Pianista, direttore del Gruppo Vocale “Viri Cantores de Finibus Terrae”, l’Autore esamina un caso storico e filologico fondamentale per definire il perimetro filosofico di quei secoli che per troppo tempo sono stati definiti “bui”; bui forse per coloro che hanno voluto vedere solo ciò che fu dettato dal furore di ignobili eletti per censo e di sedicenti storiografi, che individuavano tracce di un demoniaco mai esistito.
Il Canto Gregoriano è un caso molto interessante sia da un punto di vista musicale che letterario, un tesoro linguistico ed armonico che testimonia quella profonda religiosità cercata non solum sed etiam dalla necessità dei pauperes, negli anni tra Caduta dell’Impero Romano e Rinascimento, di un Altissimo sì consolatore ma anche punitore dei malvagi, concezione, a ben vedere, assolutamente attuale in molti ambiti della religiosità occidentale e medio orientale.

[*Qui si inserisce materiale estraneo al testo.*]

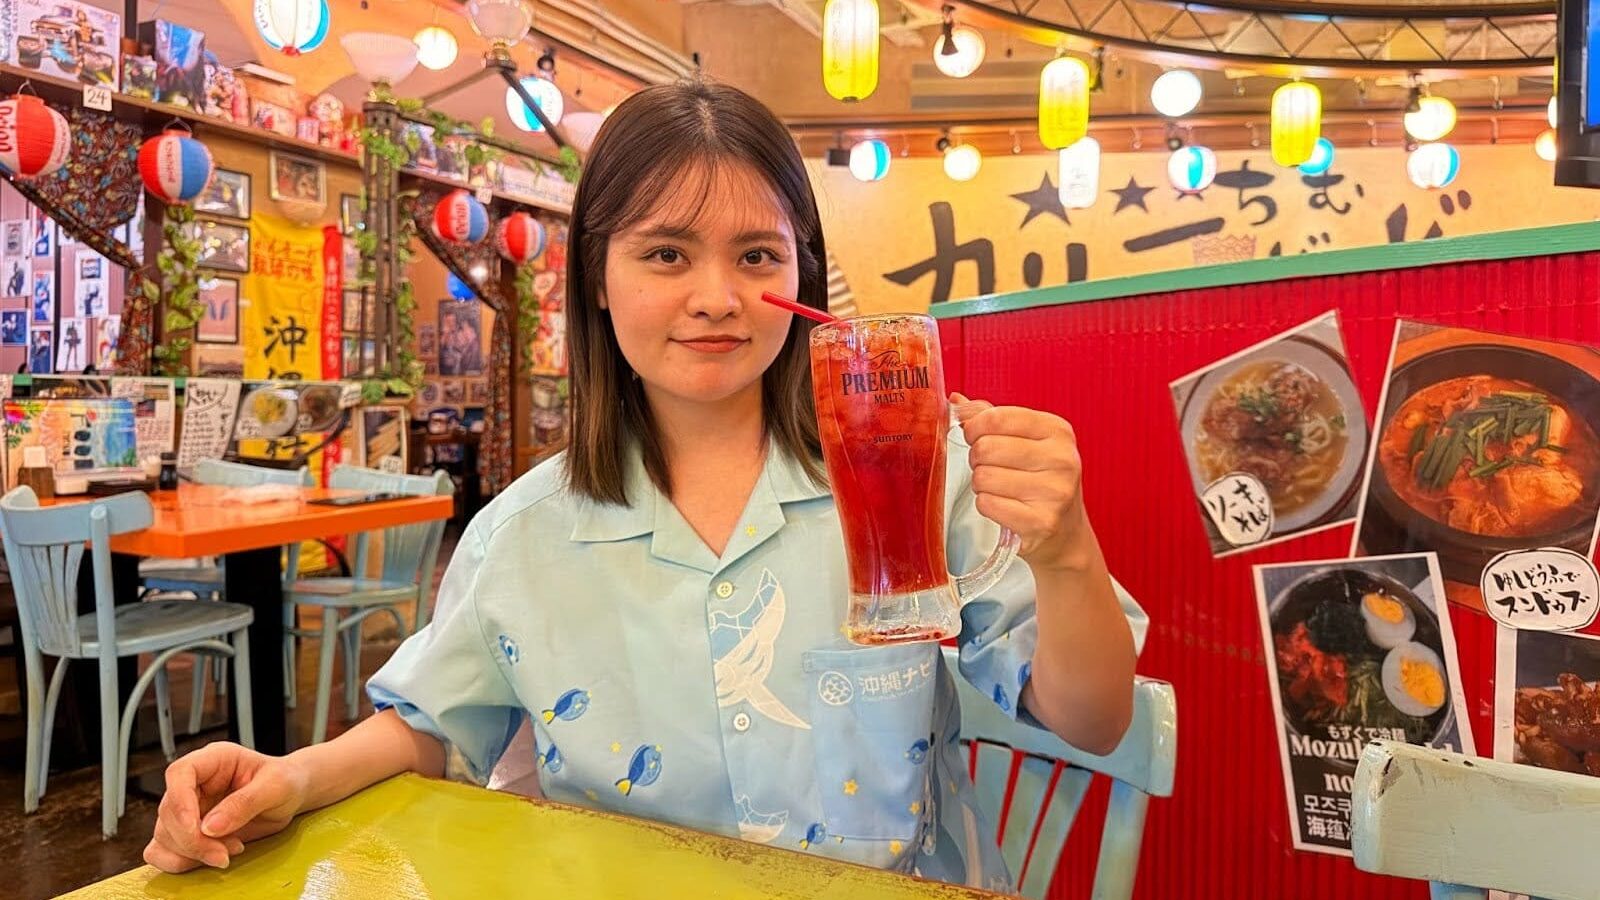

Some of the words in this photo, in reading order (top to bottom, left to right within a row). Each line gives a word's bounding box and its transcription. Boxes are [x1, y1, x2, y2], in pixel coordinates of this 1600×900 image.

[87, 88, 107, 105] 24
[841, 366, 929, 396] PREMIUM
[874, 392, 905, 405] MALTS
[1491, 563, 1581, 592] ゆしどうふで

Giuseppe Lattante compie una ricognizione storica circa la Fonia del messaggio divino, l’oralità della voce di dio ove la parola prevale sulla musica (monodica), oralità che prevale sulla musica che caratterizza la musica stessa nel suo segno accentuativo: anche l’amanuense aveva compreso che nella scrittura occorre sempre distinguere la voce dell’autore, come giustamente sottolinea la Semiologia, il cui Oltre veniva affidato alla sonorità, e la voce di Dio è monodica, una sola, e il canto gregoriano e sì corale ma unisono, come appunto il verbo sacro.
E’ dunque una scrittura che conserva l’oralità, che si basa soprattutto sui Salmi (infatti è una Salmodia musicale), non potendo mai essere Polifonia in quanto si concepiva un Dio ascendente, verticale come la struttura del canto stesso; il Dio di cui si attendeva la risposta, come nella concezione di Dio dopo Auschwitz, onnipotente ma incomprensibile all’uomo: così Hans Jonas nel suo “mondo del male” ove solo l’incomprensibilità corrisponde alla bontà, ma nel campo di sterminio l’onnipotente restò muto( H. Jonas, Il concetto di Dio dopo Auschwitz. Una voce ebraica, Genova, Il Melangolo, 1989, pp. 33-37) e che giunge innalzando la fede là dove non si sarà mai in grado di comprenderla, là dove sia lo Spirito ad ascoltare perché Dio ascolti e finalmente risponda.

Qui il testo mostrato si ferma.